Nel 1597, il gesuita Bernardino Stefonio, figura di spicco nella Compagnia di Gesù, scrisse Crispus Tragoedia, che in seguito Tarquinio Galluzzi, gesuita già allievo di Stefonio definì tragedia del martire. Al tempo, il teatro dei Gesuiti aveva superato le fasi preliminari e la tragedia sacra recitata nei collegi dell’Ordine si era affermata come una realtà pedagogica e artistica. Stefonio raccoglie l’eredità classica senecana, ma nelle forme della tragedia antica cala al contempo un contenuto storico – una novità per il teatro dei Gesuiti, che fino ad allora aveva attinto prevalentemente all’Antico Testamento – e il messaggio cristiano. Era l’inizio di quella che la critica ha definito ‘riforma stefoniana’.

Questa continuò con Flavia Tragoedia, tragedia del martire scritta, e rappresentata presso il Collegio Romano, nel 1600, anno del Giubileo. Flavia andò di nuovo in scena, presso il Seminario Romano, nel 1621, anno nel quale fu data alle stampe.

Stefonio scelse un episodio cruento della storia di Roma e della dinastia che dà il titolo all’opera: l’esecuzione, ad opera di Domiziano Imperatore, dei figli adottivi ed eredi T.F. Vespasiano e T.F. Domiziano, e del loro padre, suo cugino T.F. Clemente, cristiani. Considerato il momento storico, si può supporre che il gesuita abbia usato le fonti classiche, storiche e letterarie, anche per celebrare l’Ecclesia Triumphans.

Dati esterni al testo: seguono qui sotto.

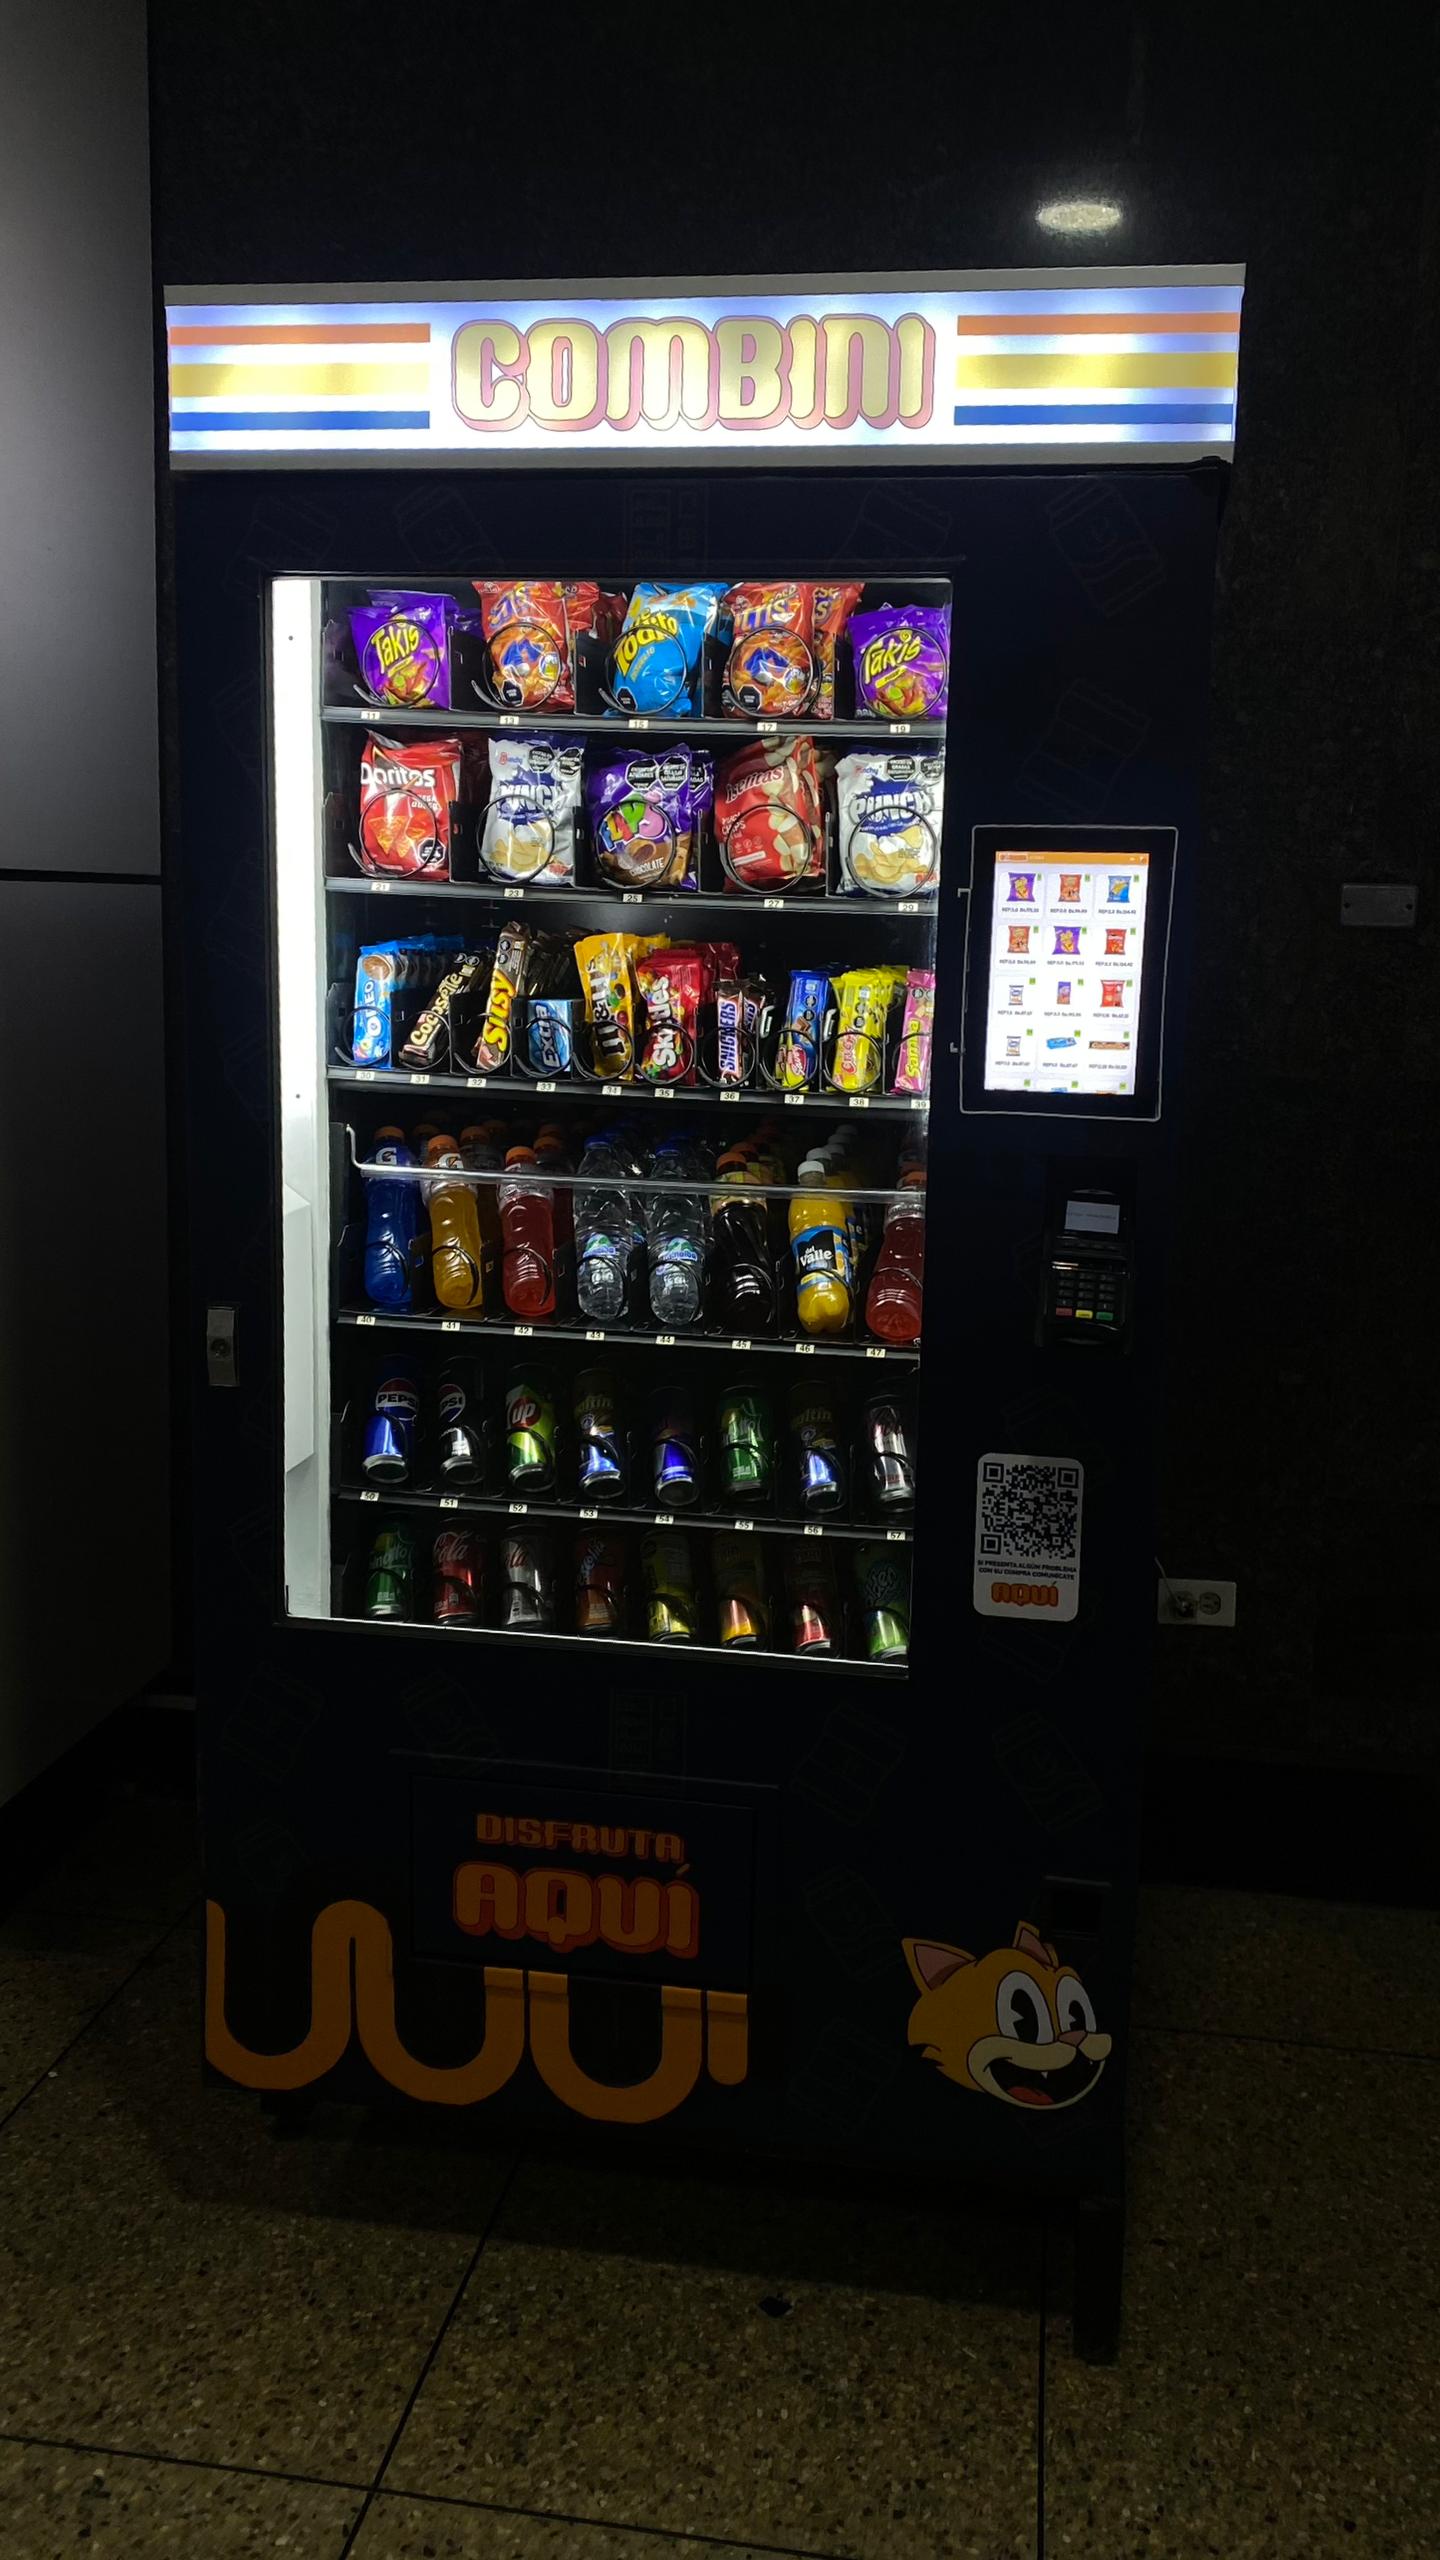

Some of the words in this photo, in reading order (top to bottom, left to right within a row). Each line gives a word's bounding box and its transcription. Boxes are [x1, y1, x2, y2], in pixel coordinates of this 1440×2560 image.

[450, 313, 935, 431] COMBINI
[371, 618, 421, 675] Takis
[861, 631, 921, 684] Takis
[360, 762, 436, 788] Doritos
[364, 980, 382, 1038] OREO
[410, 973, 464, 1046] Cocosette
[717, 1001, 737, 1073] SNICKERS
[800, 1249, 833, 1268] Valle
[378, 1393, 417, 1407] PEPS
[985, 1560, 1017, 1568] PRESENTA
[1041, 1564, 1077, 1573] PROBLEMA
[1003, 1569, 1031, 1577] COMPRA
[991, 1581, 1059, 1607] AQUÍ
[476, 1813, 685, 1864] DISFRUTA
[453, 1860, 700, 1959] AQUÍ

La resa scenica fu spettacolare; nell’opera trovano infatti ampio spazio il canto e la danza; ci sono altresì giochi militari, scene di battaglia, incantesimi e tutto un apparato che, secondo testimonianze dell’epoca, colpì e impressionò gli spettatori.

Il testo riprodotto è quello dell’edizione 1621; fin qui si era creduto, erroneamente, che non esistessero copie manoscritte della tragedia. In realtà due di queste si trovano nell’Archivio Storico della Pontificia Università Gregoriana. Il testo stabilito rimane quello a stampa, ma dalla collazione sono emerse differenze che la curatrice segnala.

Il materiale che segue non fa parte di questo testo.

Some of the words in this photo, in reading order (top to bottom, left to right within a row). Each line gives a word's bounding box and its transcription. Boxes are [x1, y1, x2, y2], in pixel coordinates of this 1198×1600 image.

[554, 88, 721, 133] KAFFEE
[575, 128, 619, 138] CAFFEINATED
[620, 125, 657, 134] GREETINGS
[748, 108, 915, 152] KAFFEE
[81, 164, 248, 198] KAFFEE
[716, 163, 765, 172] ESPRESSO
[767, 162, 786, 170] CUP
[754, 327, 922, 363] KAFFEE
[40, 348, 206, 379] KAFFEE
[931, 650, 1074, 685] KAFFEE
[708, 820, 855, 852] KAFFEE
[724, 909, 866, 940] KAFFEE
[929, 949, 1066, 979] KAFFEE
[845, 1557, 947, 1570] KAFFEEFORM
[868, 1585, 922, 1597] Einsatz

Nelle pagine introduttive, si analizza criticamente la tragedia, inserendola nel contesto culturale e non mancano i confronti con la tragedia barocca. Nell’ampio corredo di note si fanno emergere alcuni contenuti teologici presenti nei discorsi dei personaggi. Siamo nella cosiddetta Età della Controriforma, ed è interessante notare come dalle parole dei due giovani protagonisti, Vespasiano e Domiziano Cesare, venga delineata la figura di un possibile principe cristiano ideale.

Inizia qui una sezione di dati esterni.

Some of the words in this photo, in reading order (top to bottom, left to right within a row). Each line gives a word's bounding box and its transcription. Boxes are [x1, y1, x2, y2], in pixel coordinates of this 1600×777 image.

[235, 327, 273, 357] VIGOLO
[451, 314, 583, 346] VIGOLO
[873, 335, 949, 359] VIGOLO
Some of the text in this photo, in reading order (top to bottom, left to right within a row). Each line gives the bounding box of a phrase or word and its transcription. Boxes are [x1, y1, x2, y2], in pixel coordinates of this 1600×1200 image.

Tanto nell’introduzione che nelle note, si fa riferimento ad alcune caratteristiche del latino di Stefonio, un latino classico, che talvolta attinge, anche per i contenuti, a poeti quali Orazio e Virgilio. Si rilevano anche influenze del latino medioevale e umanistico.

La traduzione italiana è a fronte.

Mirella Saulini è stata docente nei licei di Stato e cultore della materia prima, docente a contratto poi presso Sapienza Università di Roma. Suo campo di studio è il teatro dei Gesuiti, in particolare l’opera dei padri Stefano Tuccio S.J. e Bernardino Stefonio S.J. Con relazioni sull’argomento, ha partecipato ai convegni internazionali: Early Modern Exemplary Drama (Praga, 12-14.X.2017) e Theory and Practice in 17th-19th Century Theatre [Eger (HU), 6-9.IX.2018]. Ha all’attivo numerose pubblicazioni, tra le altre: Stephanus Tuccius S.J., Christus Nascens, Christus Patiens, Christus Iudex Tragoediae, Edizione, introduzione, traduzione di Mirella Saulini, IHSI, Roma 2011 e la monografia Bernardino Stefonio S.J. Un gesuita sabino nella storia del teatro, Edizioni Espera, Roma 2014. Sua la voce Stefano Tucci (Tuccio) nel Dizionario Biografico degli Italiani, 97, 2020.